First Vice President of the Hellenic Parliament
- In office 29 June 2012 – 6 February 2015

Personal details
- Born: 21 January 1944 (age 82) Korydallos, Greece
- Party: ND
- Occupation: Politician

= Ioannis Tragakis =

Greek politician and a surveyor engineer

Ioannis Tragakis (Greek: Γιάννης Τραγάκης; born 21 January 1944, Korydallos, Greece) is a Greek politician, member of the New Democracy party (ND) and a surveyor engineer.

== Biography ==
He was first elected as a member of parliament with New Democracy in the constituency of Piraeus B in the 1974 elections and was re-elected in the elections of 1977, June and November 1989, 1990, 2004, 2007 and 2009. He was also elected in the elections of May and June 2012 to the Greek Parliament. During the 11th parliamentary term, on 29 June 2012, he was elected First Deputy Speaker of the Parliament with 235 votes in favour, 48 blank votes and 2 invalid votes.

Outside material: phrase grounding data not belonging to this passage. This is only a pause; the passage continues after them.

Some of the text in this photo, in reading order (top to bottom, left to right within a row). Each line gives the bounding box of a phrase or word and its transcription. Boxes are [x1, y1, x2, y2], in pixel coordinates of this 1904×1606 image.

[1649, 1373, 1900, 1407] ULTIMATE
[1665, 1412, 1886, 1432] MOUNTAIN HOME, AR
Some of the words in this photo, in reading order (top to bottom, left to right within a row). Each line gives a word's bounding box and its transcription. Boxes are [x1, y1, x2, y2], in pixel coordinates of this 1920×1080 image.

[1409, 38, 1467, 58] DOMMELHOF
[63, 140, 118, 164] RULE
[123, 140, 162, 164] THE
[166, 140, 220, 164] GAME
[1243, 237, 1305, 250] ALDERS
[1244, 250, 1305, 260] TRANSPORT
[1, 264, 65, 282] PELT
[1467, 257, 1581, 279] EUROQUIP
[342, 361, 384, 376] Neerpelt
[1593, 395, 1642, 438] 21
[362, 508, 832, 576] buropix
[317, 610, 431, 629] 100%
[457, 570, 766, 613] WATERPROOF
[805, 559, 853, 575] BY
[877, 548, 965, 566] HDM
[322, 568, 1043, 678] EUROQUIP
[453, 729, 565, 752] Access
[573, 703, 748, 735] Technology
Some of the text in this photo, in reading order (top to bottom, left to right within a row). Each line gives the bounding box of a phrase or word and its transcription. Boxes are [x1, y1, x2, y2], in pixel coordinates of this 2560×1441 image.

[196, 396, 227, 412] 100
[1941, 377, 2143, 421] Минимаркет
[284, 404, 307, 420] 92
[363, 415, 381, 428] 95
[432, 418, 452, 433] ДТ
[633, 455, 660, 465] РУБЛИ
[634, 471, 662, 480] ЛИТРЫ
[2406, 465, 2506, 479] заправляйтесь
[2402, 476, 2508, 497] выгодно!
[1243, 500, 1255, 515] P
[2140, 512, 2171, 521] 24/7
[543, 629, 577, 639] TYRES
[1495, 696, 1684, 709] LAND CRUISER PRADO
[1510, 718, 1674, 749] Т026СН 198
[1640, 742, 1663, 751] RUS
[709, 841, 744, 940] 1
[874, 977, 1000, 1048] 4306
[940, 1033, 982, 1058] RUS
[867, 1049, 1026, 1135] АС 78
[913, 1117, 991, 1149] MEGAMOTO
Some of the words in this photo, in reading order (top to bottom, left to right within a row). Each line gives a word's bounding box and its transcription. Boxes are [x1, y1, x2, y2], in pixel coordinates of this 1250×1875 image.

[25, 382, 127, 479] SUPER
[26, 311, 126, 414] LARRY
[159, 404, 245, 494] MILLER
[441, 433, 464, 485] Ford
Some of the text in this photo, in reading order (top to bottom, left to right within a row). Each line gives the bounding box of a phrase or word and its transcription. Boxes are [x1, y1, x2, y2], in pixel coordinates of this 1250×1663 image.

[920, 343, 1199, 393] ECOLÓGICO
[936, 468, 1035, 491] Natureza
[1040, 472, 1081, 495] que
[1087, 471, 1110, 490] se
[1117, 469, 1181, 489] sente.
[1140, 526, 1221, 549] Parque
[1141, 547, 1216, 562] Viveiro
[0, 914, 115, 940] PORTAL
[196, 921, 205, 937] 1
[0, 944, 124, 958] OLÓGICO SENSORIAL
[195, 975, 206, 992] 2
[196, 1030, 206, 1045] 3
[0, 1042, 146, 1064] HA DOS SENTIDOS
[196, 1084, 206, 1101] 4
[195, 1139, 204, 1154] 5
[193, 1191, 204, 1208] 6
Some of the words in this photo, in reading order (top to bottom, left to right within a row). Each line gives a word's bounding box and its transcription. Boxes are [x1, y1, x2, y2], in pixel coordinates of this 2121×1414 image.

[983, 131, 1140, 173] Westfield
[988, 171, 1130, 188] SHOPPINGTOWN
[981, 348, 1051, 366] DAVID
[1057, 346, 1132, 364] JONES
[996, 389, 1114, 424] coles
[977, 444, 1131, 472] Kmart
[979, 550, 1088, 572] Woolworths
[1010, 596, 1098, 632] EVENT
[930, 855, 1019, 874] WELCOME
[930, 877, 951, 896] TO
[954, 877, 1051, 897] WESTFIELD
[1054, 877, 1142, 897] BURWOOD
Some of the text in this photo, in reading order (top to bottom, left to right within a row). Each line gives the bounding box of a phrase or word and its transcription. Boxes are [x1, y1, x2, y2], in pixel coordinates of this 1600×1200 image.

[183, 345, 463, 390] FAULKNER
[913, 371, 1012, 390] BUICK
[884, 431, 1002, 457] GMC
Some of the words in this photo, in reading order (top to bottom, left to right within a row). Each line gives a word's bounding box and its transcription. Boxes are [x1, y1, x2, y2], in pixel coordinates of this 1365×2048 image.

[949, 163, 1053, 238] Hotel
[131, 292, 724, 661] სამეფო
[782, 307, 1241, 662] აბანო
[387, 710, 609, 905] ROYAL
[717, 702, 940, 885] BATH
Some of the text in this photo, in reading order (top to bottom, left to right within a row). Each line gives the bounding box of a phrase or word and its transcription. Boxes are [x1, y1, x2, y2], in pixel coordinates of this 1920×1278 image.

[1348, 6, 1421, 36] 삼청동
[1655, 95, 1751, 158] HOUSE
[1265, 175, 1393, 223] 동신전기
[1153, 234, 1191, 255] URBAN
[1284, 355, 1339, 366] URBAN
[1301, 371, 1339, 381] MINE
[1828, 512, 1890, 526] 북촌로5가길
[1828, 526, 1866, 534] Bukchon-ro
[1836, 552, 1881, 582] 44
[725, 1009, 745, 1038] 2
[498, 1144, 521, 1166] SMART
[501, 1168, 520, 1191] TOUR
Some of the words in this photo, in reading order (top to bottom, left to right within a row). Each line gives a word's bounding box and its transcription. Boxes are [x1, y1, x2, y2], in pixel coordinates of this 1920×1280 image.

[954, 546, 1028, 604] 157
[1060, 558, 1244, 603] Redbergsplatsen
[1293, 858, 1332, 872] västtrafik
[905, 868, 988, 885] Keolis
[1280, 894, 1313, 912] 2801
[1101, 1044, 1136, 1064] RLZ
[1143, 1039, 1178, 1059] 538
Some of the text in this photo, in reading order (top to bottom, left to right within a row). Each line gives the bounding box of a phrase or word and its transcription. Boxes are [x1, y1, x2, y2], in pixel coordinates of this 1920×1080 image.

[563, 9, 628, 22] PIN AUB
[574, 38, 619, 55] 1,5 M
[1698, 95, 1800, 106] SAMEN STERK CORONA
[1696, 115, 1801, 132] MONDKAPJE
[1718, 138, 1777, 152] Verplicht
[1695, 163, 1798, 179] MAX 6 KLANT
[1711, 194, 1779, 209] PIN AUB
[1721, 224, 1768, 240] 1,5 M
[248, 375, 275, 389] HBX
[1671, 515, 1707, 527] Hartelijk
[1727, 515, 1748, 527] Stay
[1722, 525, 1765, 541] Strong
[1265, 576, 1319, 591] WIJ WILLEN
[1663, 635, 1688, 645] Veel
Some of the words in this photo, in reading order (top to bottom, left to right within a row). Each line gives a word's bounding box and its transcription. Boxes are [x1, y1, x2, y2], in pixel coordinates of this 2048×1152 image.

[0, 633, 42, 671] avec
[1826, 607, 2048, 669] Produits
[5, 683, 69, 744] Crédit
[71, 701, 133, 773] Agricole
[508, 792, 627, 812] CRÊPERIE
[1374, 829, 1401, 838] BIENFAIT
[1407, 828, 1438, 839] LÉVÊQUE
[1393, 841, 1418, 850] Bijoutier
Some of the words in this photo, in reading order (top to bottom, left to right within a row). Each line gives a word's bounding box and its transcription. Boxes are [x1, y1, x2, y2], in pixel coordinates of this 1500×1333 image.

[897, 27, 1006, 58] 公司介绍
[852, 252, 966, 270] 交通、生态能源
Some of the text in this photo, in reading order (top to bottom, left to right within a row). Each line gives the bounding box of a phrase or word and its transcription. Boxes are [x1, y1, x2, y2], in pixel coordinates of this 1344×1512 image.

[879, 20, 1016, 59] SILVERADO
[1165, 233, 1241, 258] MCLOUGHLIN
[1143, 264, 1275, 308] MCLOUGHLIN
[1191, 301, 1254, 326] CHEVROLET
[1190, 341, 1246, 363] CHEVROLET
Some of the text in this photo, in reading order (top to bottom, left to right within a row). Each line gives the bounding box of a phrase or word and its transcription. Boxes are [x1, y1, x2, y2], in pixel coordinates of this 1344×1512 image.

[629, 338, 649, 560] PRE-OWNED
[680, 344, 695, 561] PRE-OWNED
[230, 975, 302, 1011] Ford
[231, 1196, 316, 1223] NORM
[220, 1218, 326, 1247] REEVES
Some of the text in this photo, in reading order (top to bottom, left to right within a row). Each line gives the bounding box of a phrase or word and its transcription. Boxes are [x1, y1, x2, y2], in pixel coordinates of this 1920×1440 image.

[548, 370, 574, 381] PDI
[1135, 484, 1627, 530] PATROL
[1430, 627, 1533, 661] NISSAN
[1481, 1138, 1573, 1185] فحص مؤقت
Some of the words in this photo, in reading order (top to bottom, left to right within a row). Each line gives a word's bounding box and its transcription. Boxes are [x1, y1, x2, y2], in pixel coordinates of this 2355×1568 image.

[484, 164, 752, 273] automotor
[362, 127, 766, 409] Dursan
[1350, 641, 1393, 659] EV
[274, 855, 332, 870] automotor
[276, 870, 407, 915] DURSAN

He was re-elected in the Piraeus B constituency in the parliamentary elections of January and September 2015. In 2017, he stated that he would not run again and that, instead of him, his son would be a candidate in the next elections. Following this statement, Kyriakos Mitsotakis responded that his son would not be a candidate with New Democracy. Ultimately, in the parliamentary elections of 2019, Ioannis Tragakis once again ran for office in the Piraeus B constituency and was re-elected.

In the parliamentary elections of May 2023, Ioannis Tragakis did not manage to get elected, but this changed in the parliamentary elections of June, and he returned to the Parliament.

He is currently the oldest active member of the Hellenic Parliament.